The Myc family consists of three related human genes:
- c-myc (MYC), the first gene to be discovered in this family
- l-myc (MYCL)
- n-myc (MYCN)

2. New discoveries.

Scientists have recently discovered that a Lon protease from bacteria can effectively degrade c-myc protein, and this may be one of the reasons why bladder cancer patients with urinary tract infection with this bacteria have a better prognosis instead. Thus, Lon protein is expected to be a new macromolecular drug in the fight against cancer in humans.
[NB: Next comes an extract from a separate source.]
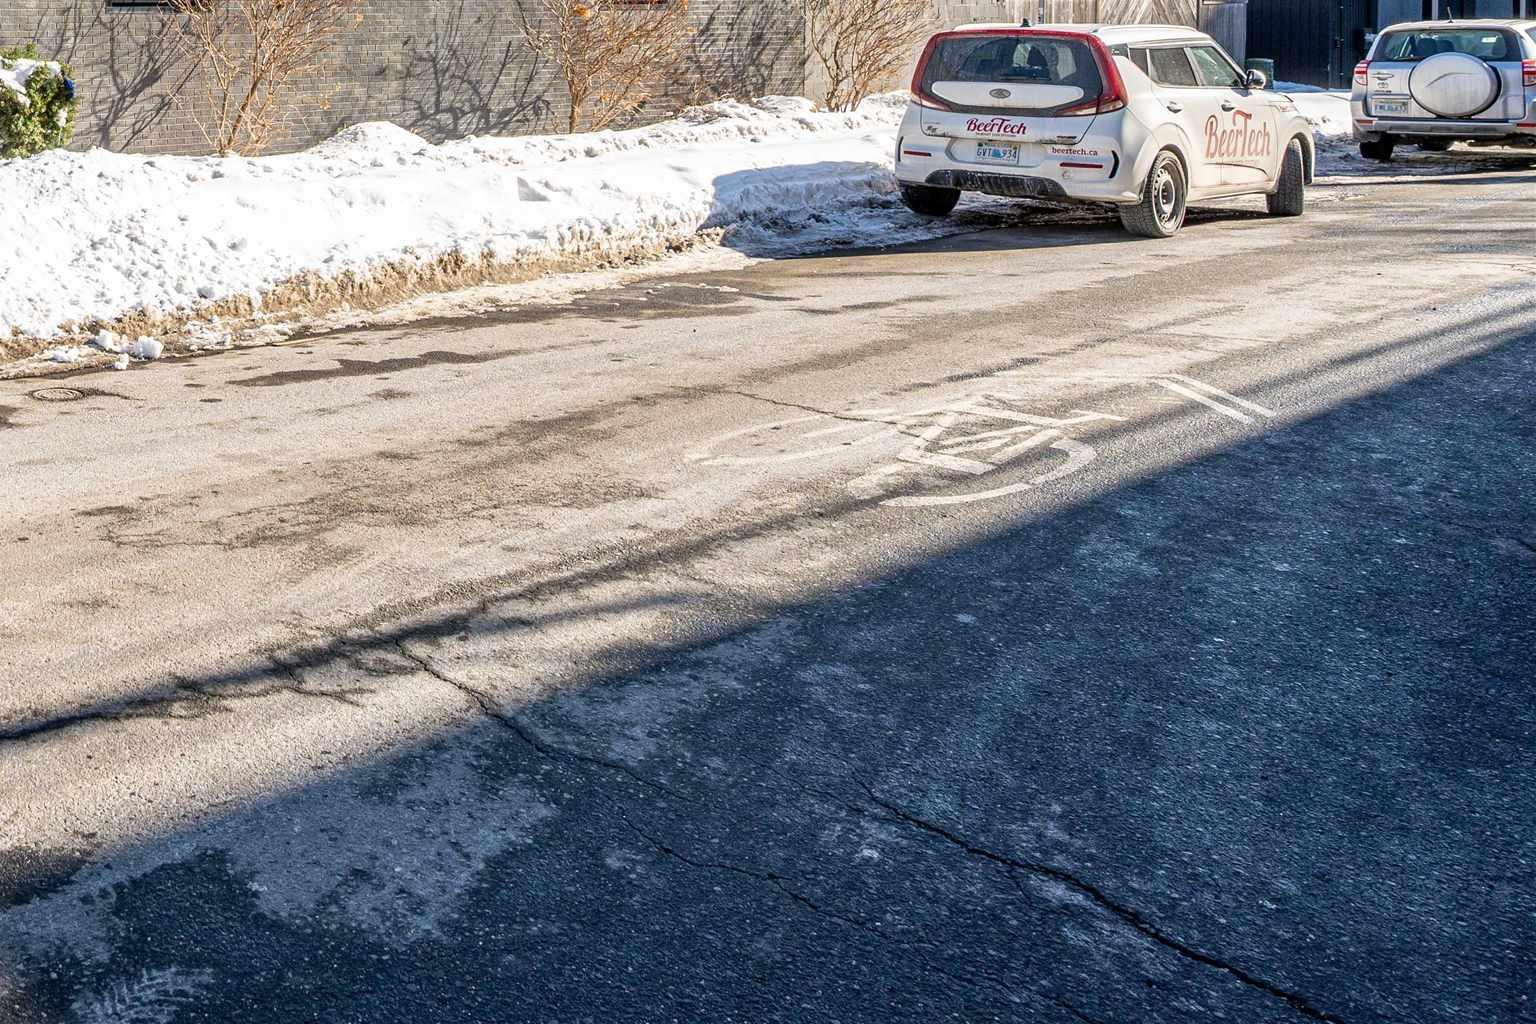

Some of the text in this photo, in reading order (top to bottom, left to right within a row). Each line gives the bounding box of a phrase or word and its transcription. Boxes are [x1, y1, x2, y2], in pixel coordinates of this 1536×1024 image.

2.1 Discovery of c-myc protein inhibition

MYC is important for the growth and development of the kidney. It has been shown that severe kidney infections impair kidney growth in childhood and that bladder cancer in patients with urinary tract infections instead has a better prognosis. Inference: MYC levels in the kidney may be disturbed by bacterial infections.
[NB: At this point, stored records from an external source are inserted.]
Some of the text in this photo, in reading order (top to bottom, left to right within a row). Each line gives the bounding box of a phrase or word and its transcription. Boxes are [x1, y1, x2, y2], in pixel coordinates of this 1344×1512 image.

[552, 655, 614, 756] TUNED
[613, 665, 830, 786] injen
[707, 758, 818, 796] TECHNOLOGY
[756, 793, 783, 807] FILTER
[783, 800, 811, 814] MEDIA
2.2 Bacterial proteases deplete c-MYC and increase survival in mouse models of bladder and colon cancer

Uropathogenic Escherichia coli (UPEC) can degrade c-MYC protein and attenuate MYC gene expression in human cells and animal tissues. Also, c-MYC protein can be degraded by cell-free Uropathogenic Escherichia coli (UPEC) lysates, as well as rapidly by purified Lon protease.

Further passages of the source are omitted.